NIDA: Examine the role of various combinations and potencies of the two main cannabinoids (THC and CBD) and their effects on modulating the endocannabinoid system for pain perception and analgesia; effects of long-term endocannabinoid system therapies on addiction liability.

NCI: The role of cannabinoids and the endocannabinoid system in the treatment tumor-related pain conditions, such as metastatic bone pain, and painful conditions arising from the treatment of cancer, such as chemotherapy induced peripheral neuropathy, aromatase inhibitor arthralgias, and radiation induced stomatitis.

NCCIH: The role of naturally occurring phytocannabinoids and their derivatives either alone or in conjunction with other complementary approaches (e.g. other natural products, mind-body programs) in modulating the biological and neural systems associated with pain perception and analgesia in relevant model organisms or human subjects as well as the mechanisms underlying cannabinoid analgesic and anti-inflammatory properties. NCCIH will not fund research proposing efficacy or effectiveness clinical trials through this FOA (please see NCCIH Clinical Trial Funding Opportunities instead). Investigators are strongly encouraged to discuss their research plans with NCCIH program staff prior to submitting their application.

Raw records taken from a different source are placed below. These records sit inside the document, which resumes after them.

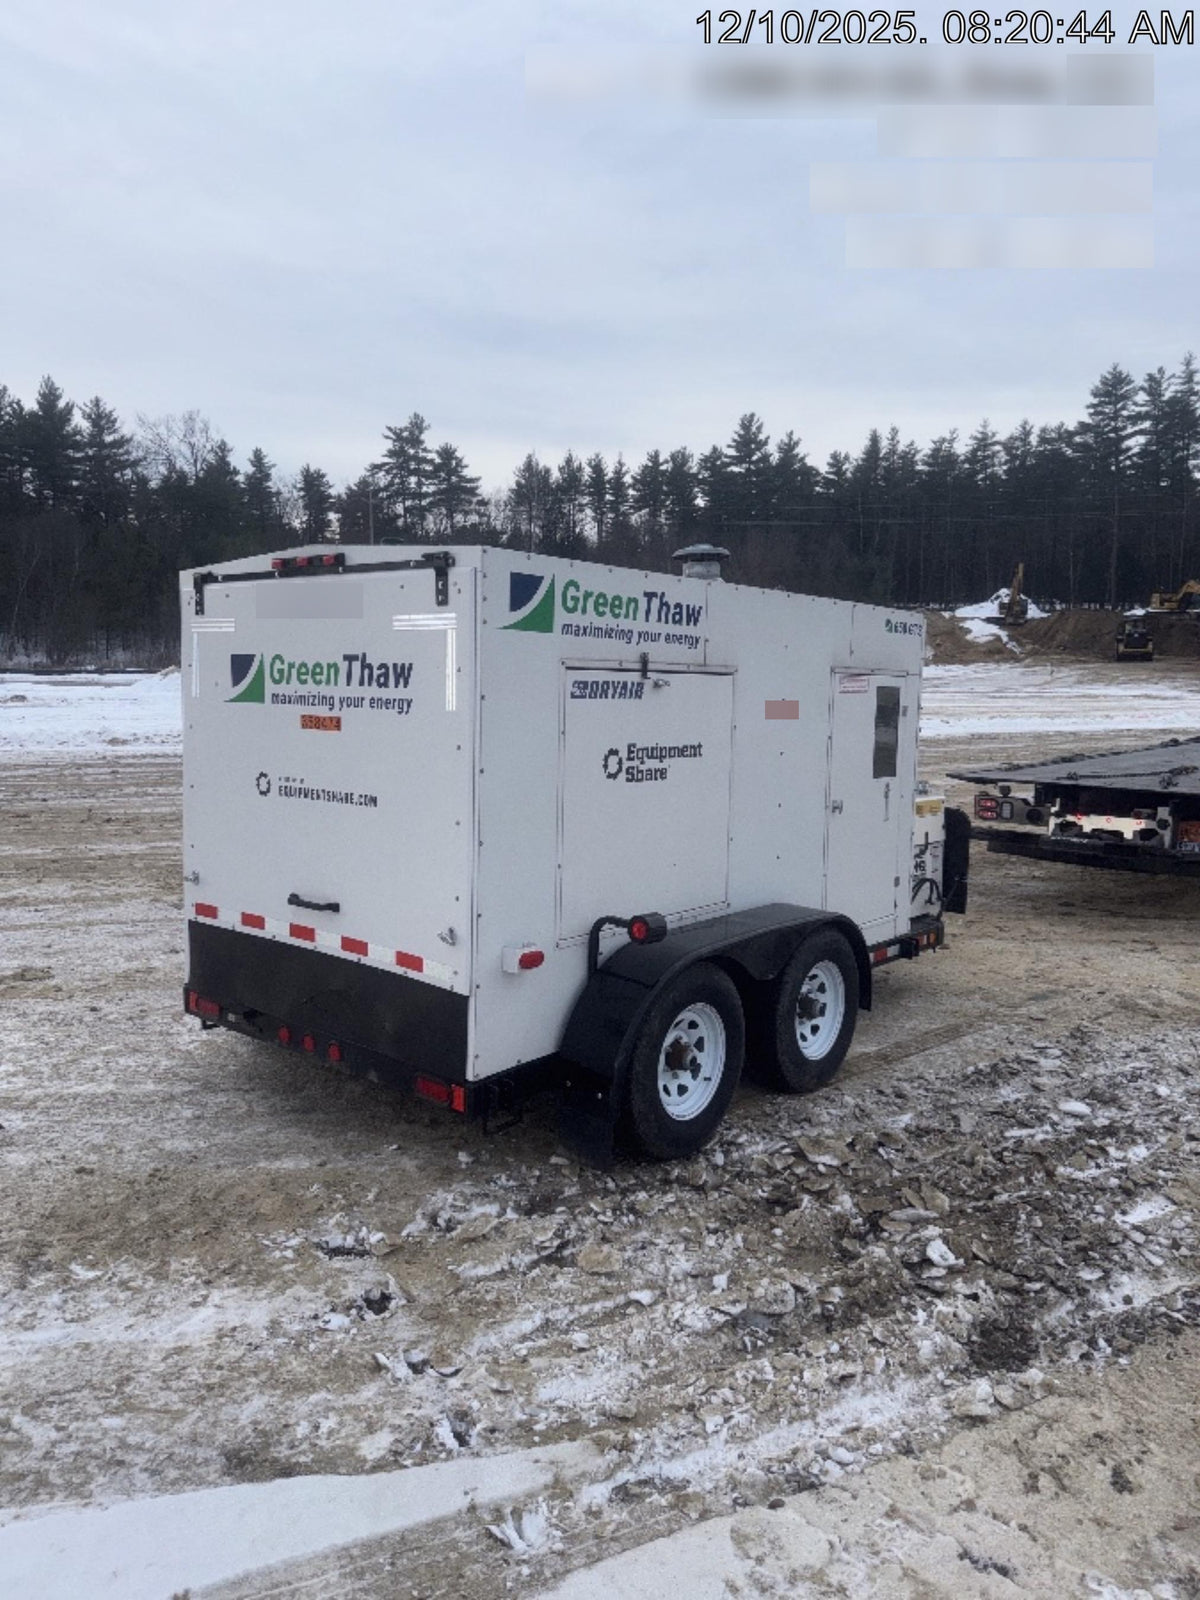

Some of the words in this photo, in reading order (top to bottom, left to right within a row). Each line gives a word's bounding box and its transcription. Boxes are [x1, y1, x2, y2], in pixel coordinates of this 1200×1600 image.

[561, 579, 703, 627] GreenThaw
[561, 622, 634, 645] maximizing
[636, 630, 661, 646] your
[664, 633, 702, 650] energy
[269, 652, 413, 688] GreenThaw
[271, 691, 335, 711] maximizing
[339, 694, 365, 711] your
[369, 696, 413, 715] energy
[626, 742, 703, 764] Equipment
[626, 765, 667, 783] Share
[278, 785, 378, 808] EQUIPMENTSHARE.COM
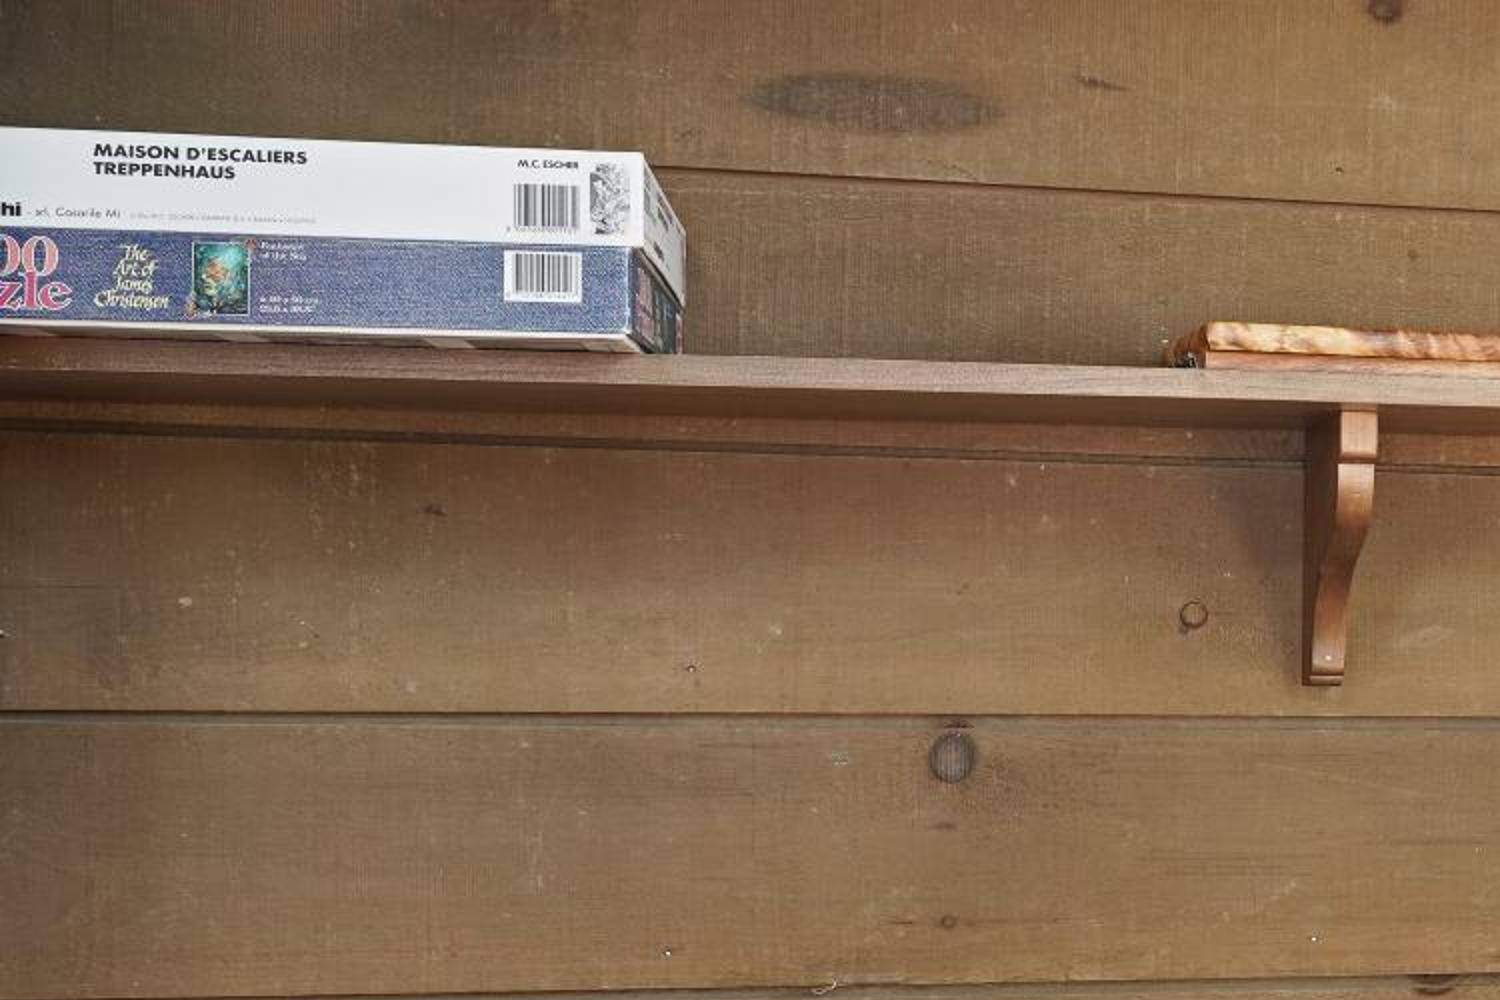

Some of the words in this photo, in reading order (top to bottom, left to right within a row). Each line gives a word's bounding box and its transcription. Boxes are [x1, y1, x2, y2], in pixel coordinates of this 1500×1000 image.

[93, 143, 179, 160] MAISON
[186, 146, 308, 165] D'ESCALIERS
[93, 161, 237, 180] TREPPENHAUS
[121, 243, 150, 262] The
[93, 291, 170, 310] Christensen

NICHD:  Characterization of the cannabinoids and endocannabinoid system as potential targets for treatment of dysmenorrhea, vulvodynia, and chronic pelvic pain due to endometriosis and other gynecologic disorders.  Studies into the role of these systems in the management of spasticity, neuropathic pain, bone pain, musculoskeletal pain and pain secondary to other disabling conditions. Cannabinoids and endocannabinoid system and their therapeutic and adverse effects in pregnancy and its outcomes.

NIAAA: Alcohol abuse/dependence causes increased pain sensitivity and neuropathic pain. The role of endocannabinoids in mediating the actions of alcohol in inducing and regulating pain responses will be the primary interest.